I had a dream, years after I was out of college. I dreamed I was in the Waldenbooks store at my local mall. (FYI—at the time I worked for a company connected to Waldenbooks.) In the dream, there were lots of people in there from high school. Some of the people I hated the most.
I began yelling at them, and telling them off. Telling them what I thought of them. I pushed bookshelves over on top of them, to hurt them physically as they had hurt me emotionally. And when I woke up…
I felt good. I felt like a little of the weight had lifted.
A little while later, I had a similar dream, where I was in the local grocery store. I was face-to-face with one of the guys I hated the most. A guy that my asbestos friend did hate the most. I yelled at him and told him off.
I also felt better after that dream. But, eventually, that relief passed. And now I write this post. To try and achieve some of that relief. To try to wash away some of the extreme hatred I have had for these people for decades. People who, I am sure, don’t remember me at all. They don’t remember they teased me. They don’t remember that I existed.

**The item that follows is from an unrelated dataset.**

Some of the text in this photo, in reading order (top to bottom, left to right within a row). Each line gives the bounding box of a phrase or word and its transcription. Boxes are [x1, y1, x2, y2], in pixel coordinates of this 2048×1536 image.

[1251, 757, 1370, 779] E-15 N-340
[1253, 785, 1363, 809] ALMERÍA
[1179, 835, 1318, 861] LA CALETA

Some of these people have tried to be my friend on Facebook. I laugh at them and ignore their friend requests.
I will admit that I am not even sure I remember all of these events accurately, because time and hate have most likely warped them in my head.

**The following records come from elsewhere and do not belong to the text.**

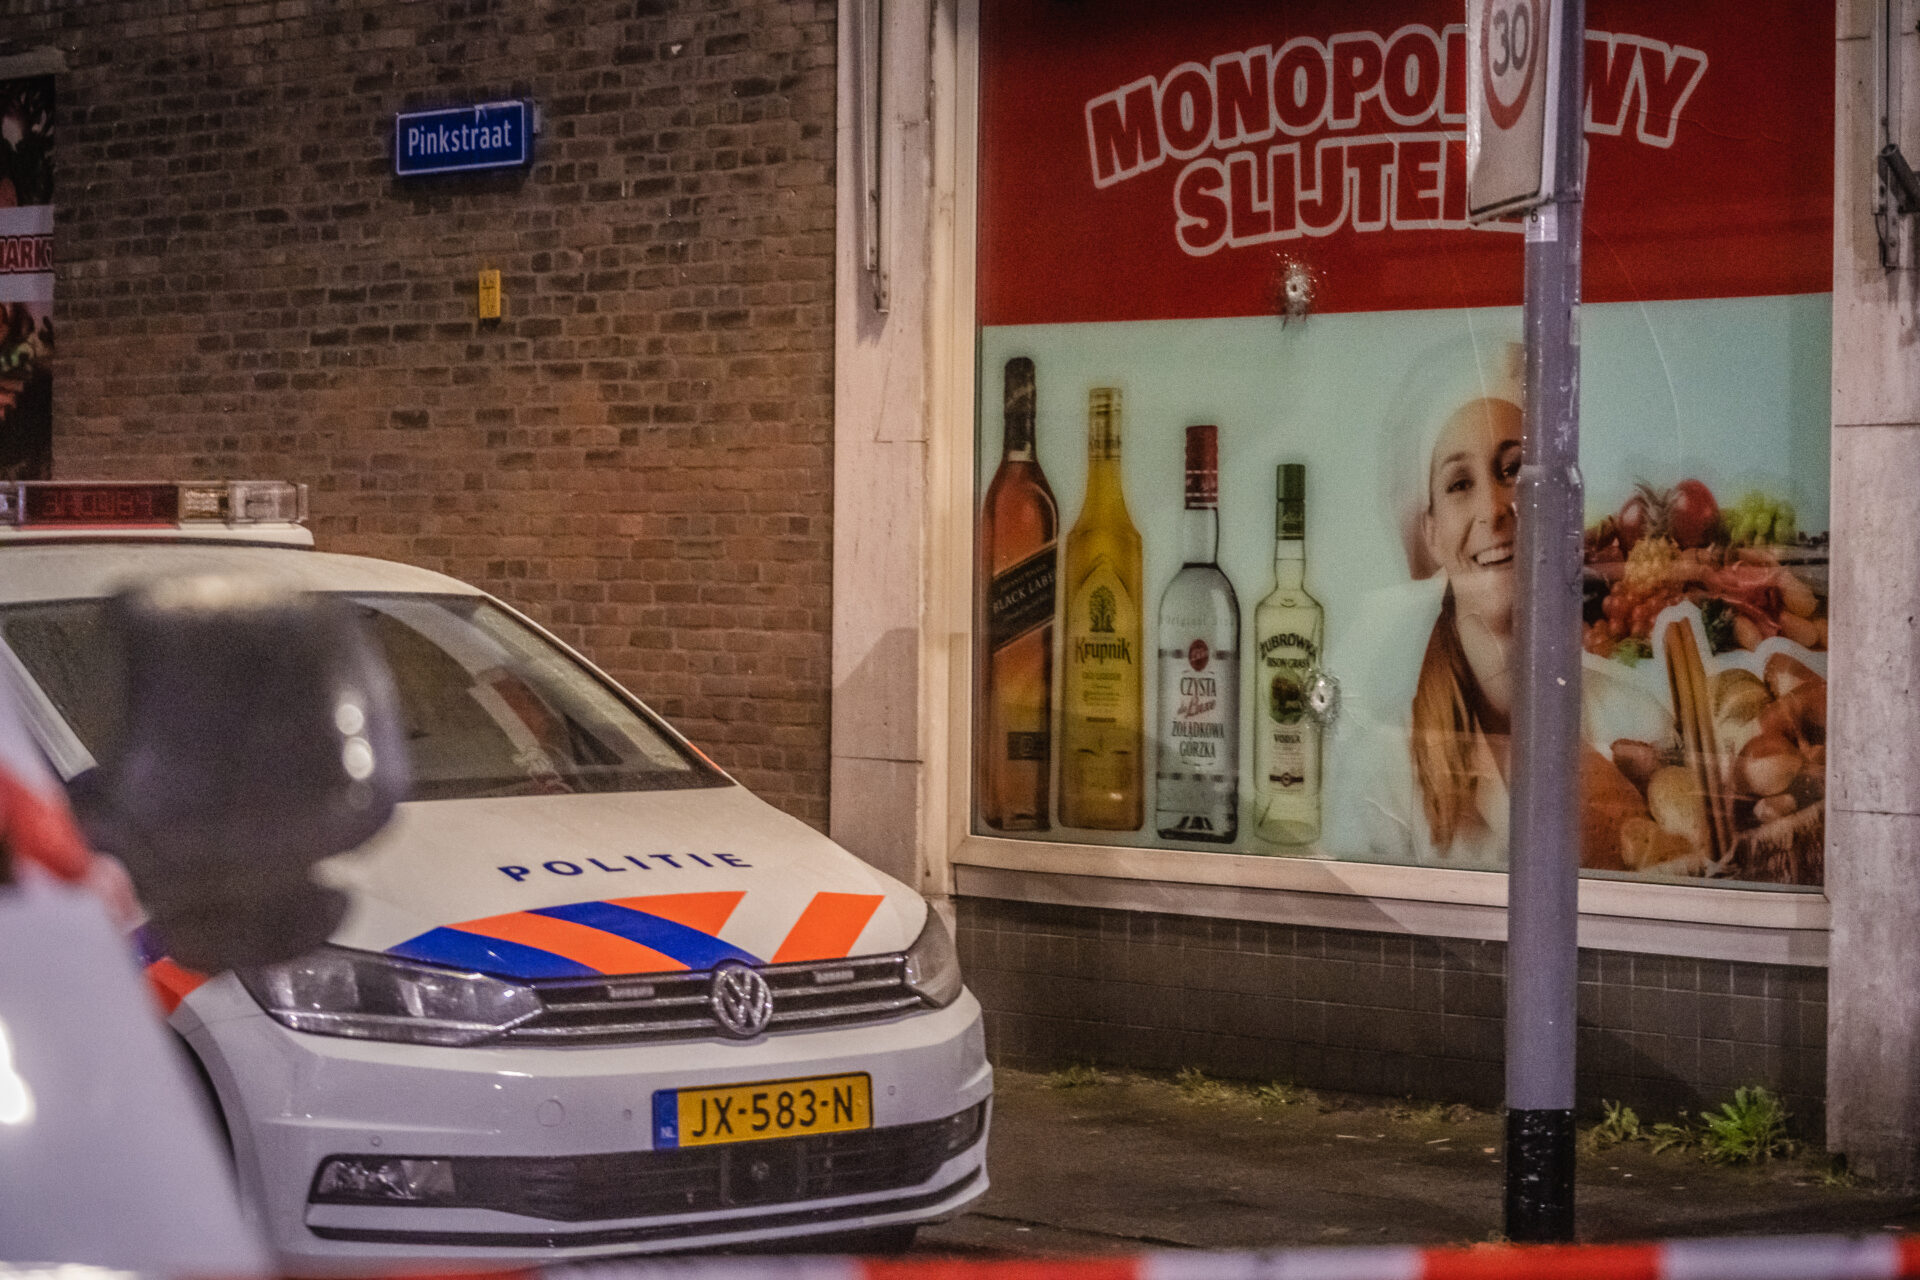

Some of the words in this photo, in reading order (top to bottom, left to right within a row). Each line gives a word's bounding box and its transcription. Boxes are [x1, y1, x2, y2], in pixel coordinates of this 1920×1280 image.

[1493, 4, 1530, 77] 30
[1086, 24, 1708, 190] MONOPOLWY
[408, 119, 512, 157] Pinkstraat
[992, 590, 1027, 615] BLACK
[1074, 636, 1132, 665] Krupnik
[1180, 677, 1217, 697] CZYSTA
[497, 853, 752, 882] POLITIE
[692, 1085, 854, 1138] JX-583-N

I have SO MUCH HATE for these people. The ones who were the worst.
I still struggle with self-esteem issues to this day because of their name calling. Because of them snatching my stuff because it seemed amusing to them.
Will I be going to my 20 year reunion next year?
I not be thinkin’ so.
I definitely need to still work on it…
And all the bullying laws around today aren’t going to keep these things from happening. I was a quiet person (Oh, don’t ever call me “shy”. UGH! What is with adults and their mother f*cking labels!). I would never have reported that stuff to anyone.
Hell, at my job I had a girl make fun of a physical attribute I have, and I didn’t report her to Human Resources. But I totally wish I had. To this day. Ten years later.
God, I can’t imagine what kids today go through…
With cell phones and social media, they can’t even get away from bullying when they get home! At least after school I could nap on my couch to Ducktales and hide from it all.